== Segment start ==
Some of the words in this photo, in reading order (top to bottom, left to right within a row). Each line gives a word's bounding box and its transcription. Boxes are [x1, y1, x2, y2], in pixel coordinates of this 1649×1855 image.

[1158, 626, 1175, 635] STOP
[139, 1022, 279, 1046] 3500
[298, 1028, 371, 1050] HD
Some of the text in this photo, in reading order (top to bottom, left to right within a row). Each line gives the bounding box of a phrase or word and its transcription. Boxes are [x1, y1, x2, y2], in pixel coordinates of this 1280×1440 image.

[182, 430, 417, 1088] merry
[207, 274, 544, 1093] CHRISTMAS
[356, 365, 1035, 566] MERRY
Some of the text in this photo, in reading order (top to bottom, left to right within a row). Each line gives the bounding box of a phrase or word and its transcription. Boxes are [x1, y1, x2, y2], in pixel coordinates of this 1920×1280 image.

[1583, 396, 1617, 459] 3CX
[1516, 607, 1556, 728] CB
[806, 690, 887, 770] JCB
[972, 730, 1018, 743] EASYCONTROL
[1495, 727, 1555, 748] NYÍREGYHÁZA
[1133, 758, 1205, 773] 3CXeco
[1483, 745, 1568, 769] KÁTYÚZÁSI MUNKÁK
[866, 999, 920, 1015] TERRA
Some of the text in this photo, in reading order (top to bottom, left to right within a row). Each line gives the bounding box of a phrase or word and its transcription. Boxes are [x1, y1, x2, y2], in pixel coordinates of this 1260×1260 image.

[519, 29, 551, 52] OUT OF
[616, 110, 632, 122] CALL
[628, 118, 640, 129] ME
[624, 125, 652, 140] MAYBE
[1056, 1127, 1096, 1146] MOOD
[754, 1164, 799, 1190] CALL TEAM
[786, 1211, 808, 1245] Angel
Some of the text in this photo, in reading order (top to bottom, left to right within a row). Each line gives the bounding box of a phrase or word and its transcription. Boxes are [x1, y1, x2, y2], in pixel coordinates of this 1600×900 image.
== Segment end ==
• TASK STATEMENT:
Give the data again, exactly as it stands.

• THE ANSWER:
Some of the words in this photo, in reading order (top to bottom, left to right within a row). Each line gives a word's bounding box and its transcription. Boxes are [x1, y1, x2, y2], in pixel coordinates of this 1649×1855 image.

[1158, 626, 1175, 635] STOP
[139, 1022, 279, 1046] 3500
[298, 1028, 371, 1050] HD
Some of the text in this photo, in reading order (top to bottom, left to right within a row). Each line gives the bounding box of a phrase or word and its transcription. Boxes are [x1, y1, x2, y2], in pixel coordinates of this 1280×1440 image.

[182, 430, 417, 1088] merry
[207, 274, 544, 1093] CHRISTMAS
[356, 365, 1035, 566] MERRY
Some of the text in this photo, in reading order (top to bottom, left to right within a row). Each line gives the bounding box of a phrase or word and its transcription. Boxes are [x1, y1, x2, y2], in pixel coordinates of this 1920×1280 image.

[1583, 396, 1617, 459] 3CX
[1516, 607, 1556, 728] CB
[806, 690, 887, 770] JCB
[972, 730, 1018, 743] EASYCONTROL
[1495, 727, 1555, 748] NYÍREGYHÁZA
[1133, 758, 1205, 773] 3CXeco
[1483, 745, 1568, 769] KÁTYÚZÁSI MUNKÁK
[866, 999, 920, 1015] TERRA
Some of the text in this photo, in reading order (top to bottom, left to right within a row). Each line gives the bounding box of a phrase or word and its transcription. Boxes are [x1, y1, x2, y2], in pixel coordinates of this 1260×1260 image.

[519, 29, 551, 52] OUT OF
[616, 110, 632, 122] CALL
[628, 118, 640, 129] ME
[624, 125, 652, 140] MAYBE
[1056, 1127, 1096, 1146] MOOD
[754, 1164, 799, 1190] CALL TEAM
[786, 1211, 808, 1245] Angel
Some of the text in this photo, in reading order (top to bottom, left to right within a row). Each line gives the bounding box of a phrase or word and its transcription. Boxes are [x1, y1, x2, y2], in pixel coordinates of this 1600×900 image.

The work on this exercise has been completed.